§ **Stored data**:
┌────────

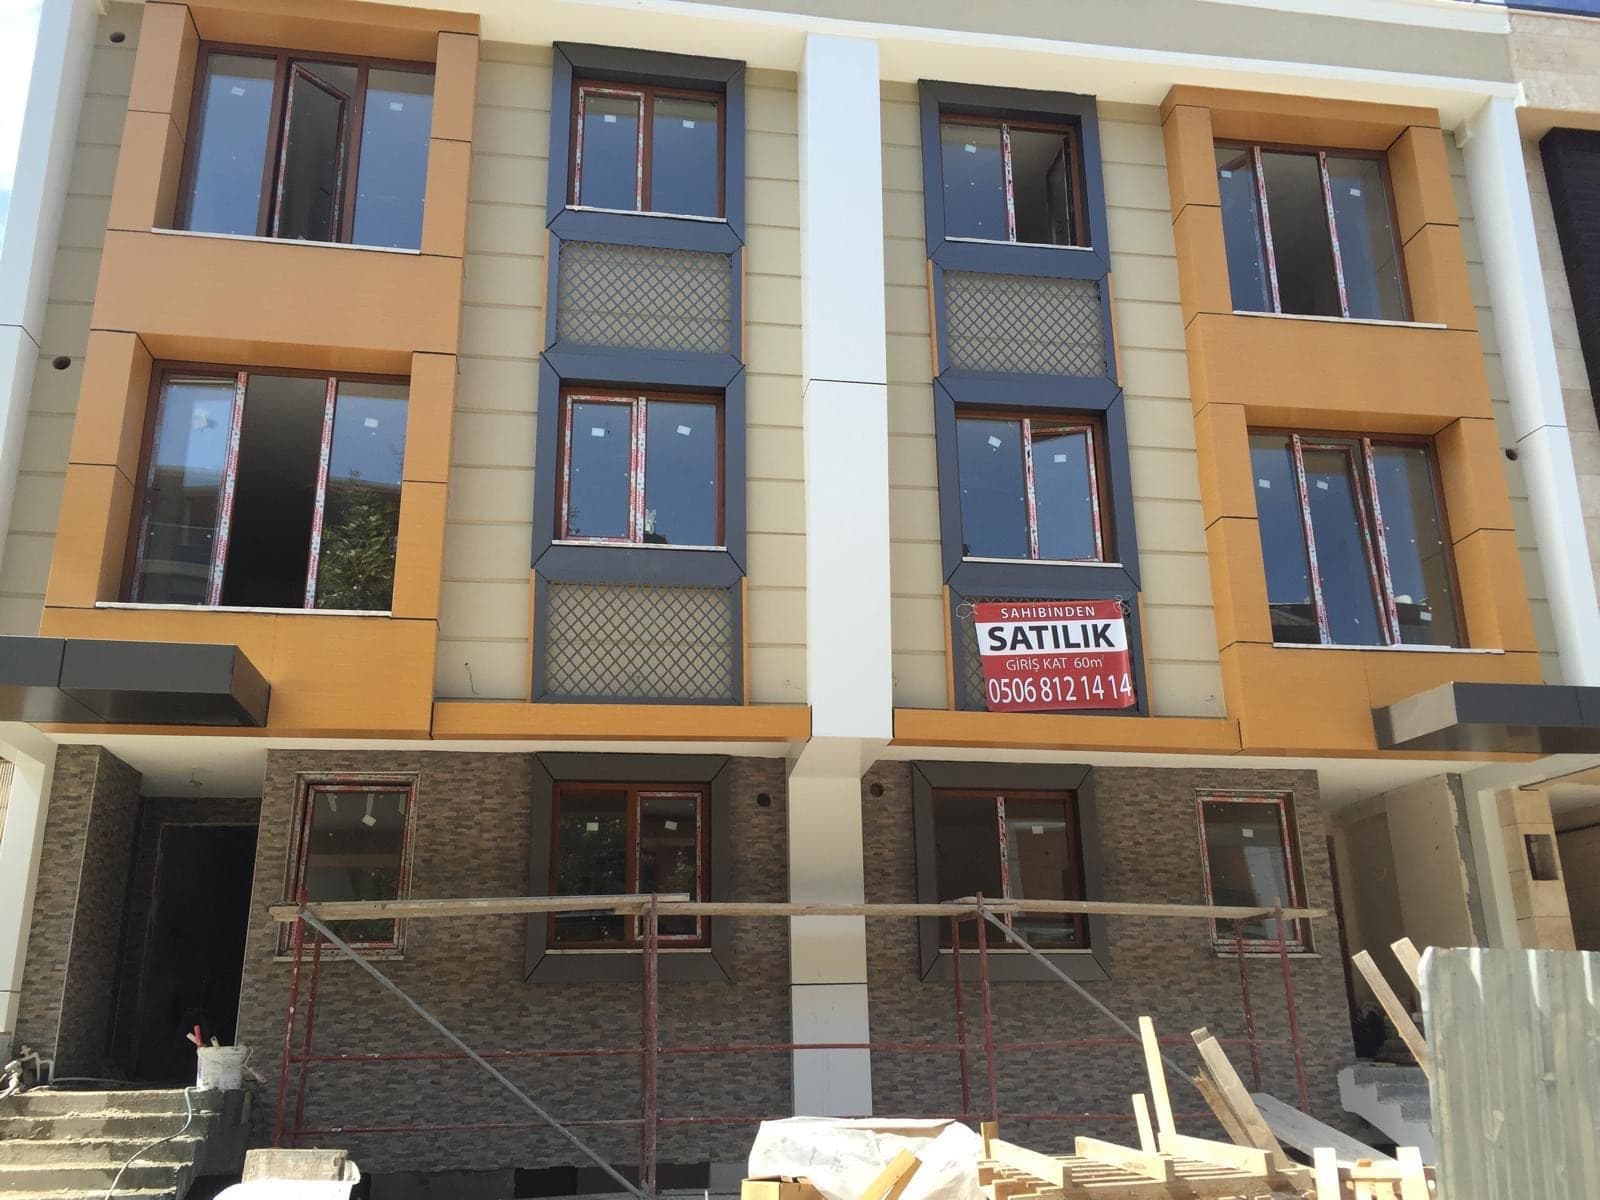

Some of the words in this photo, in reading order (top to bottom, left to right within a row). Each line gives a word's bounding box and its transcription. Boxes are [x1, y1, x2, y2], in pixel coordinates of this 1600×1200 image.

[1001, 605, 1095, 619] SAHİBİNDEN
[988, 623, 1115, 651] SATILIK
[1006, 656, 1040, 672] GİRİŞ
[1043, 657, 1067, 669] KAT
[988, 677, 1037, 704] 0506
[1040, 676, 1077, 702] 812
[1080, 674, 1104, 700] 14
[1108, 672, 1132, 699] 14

└────────

§ **Task statement**: Return every entry word for word, but drop any pictures.

§ **Exercise solution**:
Some of the words in this photo, in reading order (top to bottom, left to right within a row). Each line gives a word's bounding box and its transcription. Boxes are [x1, y1, x2, y2], in pixel coordinates of this 1600×1200 image.

[1001, 605, 1095, 619] SAHİBİNDEN
[988, 623, 1115, 651] SATILIK
[1006, 656, 1040, 672] GİRİŞ
[1043, 657, 1067, 669] KAT
[988, 677, 1037, 704] 0506
[1040, 676, 1077, 702] 812
[1080, 674, 1104, 700] 14
[1108, 672, 1132, 699] 14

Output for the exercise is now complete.